A focus on making it suck less…
We recently wrapped up construction of our home just west of Phoenix in the beautiful city of Litchfield Park, Arizona. The problem with any new (or new to you) home, is the long list of projects that stem from the purchase. Fixtures, fans, furniture, paint, and a little light construction here and there, the list only seems to grow with each completed task.
Here is a “pro tip” for all of you do-it-yourselfers out there like me: when you head to Home Depot, Lowes, Bunnings, or B&Q for tools or supplies, be sure to get supplies that make the job super hard, tools that do not really work and make the task almost impossible to complete, stuff that is useless to the project and leaves you extremely frustrated...
But what if I told you that if you just used those useless and rage inducing tools better or harder, then you just might find the result you seek?
Still a no, huh?
How about this, if they are not working it is probably your fault anyways. You know, good old “user error!” Just use the tools better…
I am still not convincing you, damnit.
Fine, I just wrote a rule that says you must use those tools or else! Why can you not see that I am doing this with your best interest in mind? I only do this to you because I love and care about you. Now do what I say so I don’t have to hurt you.
Sounds a bit familiar, huh?
Akin ecommerce, our systems must be beneficial to the user, useful, easy to use, seamless, intuitive, error tolerant, and near-automatic, otherwise people will not invest their precious time into them. Our systems and tools must aid in accomplishing work, they must help and (hopefully) make the end users task/life suck a little less. If our systems are unhelpful, clunky, hard to use, or require a hefty amount of action and effort of the end-user, they will quickly abandon their use and invest their time elsewhere.

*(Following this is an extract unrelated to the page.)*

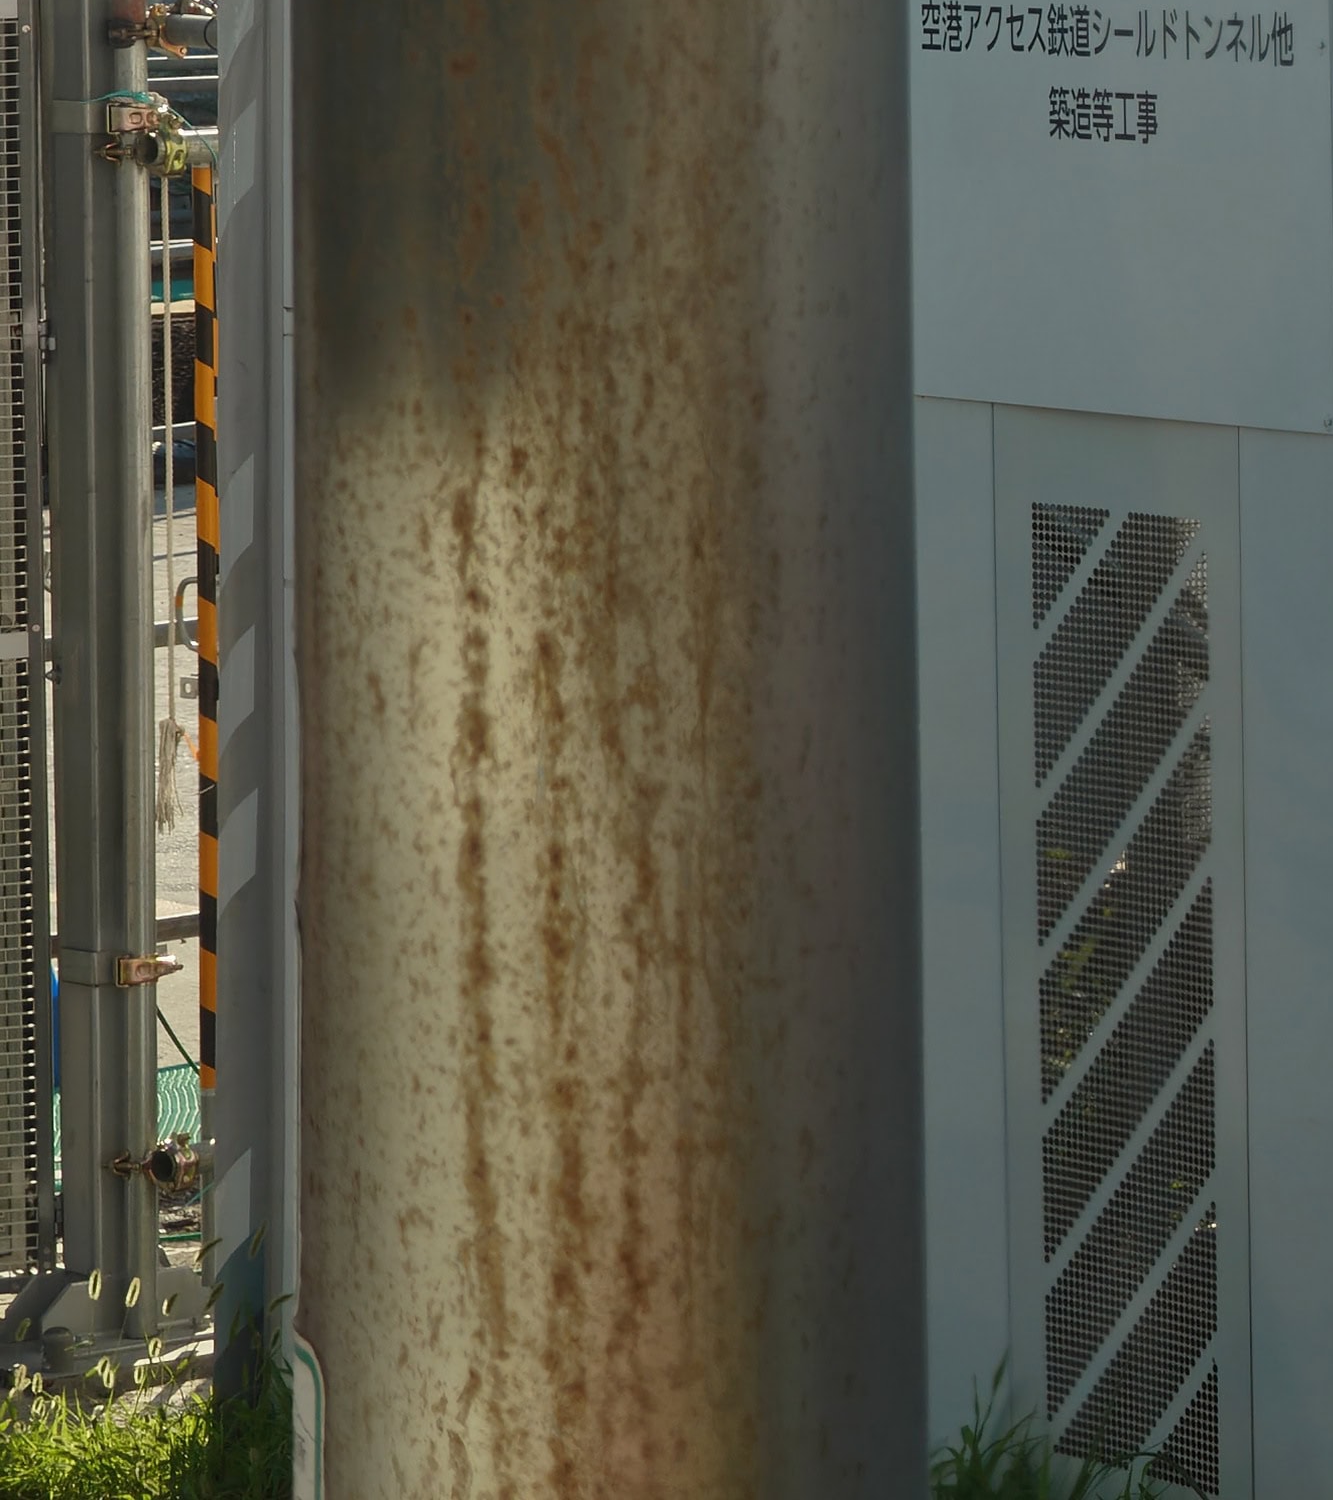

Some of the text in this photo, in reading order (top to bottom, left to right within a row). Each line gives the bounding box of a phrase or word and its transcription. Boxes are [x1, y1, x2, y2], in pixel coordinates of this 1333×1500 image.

[921, 0, 1294, 67] 空港アクセス鉄道シールドトンネル他
[1049, 86, 1158, 144] 築造等工事

Have you ever bought something online so smoothly, so quickly, and so efficiently that your purchase was complete before you even realized it? Even though we are talking sales tactics designed to extract money from your pockets, we are really talking about understanding and accepting human nature and building systems around it, rather than systems designed to try to change it. In these cases, your time was respected, and your needs were met, things happened intuitively and almost automatically, the whole process was easy, effective, fast.
Now think of a time that you really wanted something, that cool gadget, t-shirt from your favorite band, or gaudy sunglasses you found while shopping online, but were left so frustrated with the process that you walked away or purchased the product elsewhere. No matter how much you wanted the product, no matter how willing you were to part with your hard-earned money, there were just too many clicks, too many boxes, too many pages, too much frustration, and too much effort required.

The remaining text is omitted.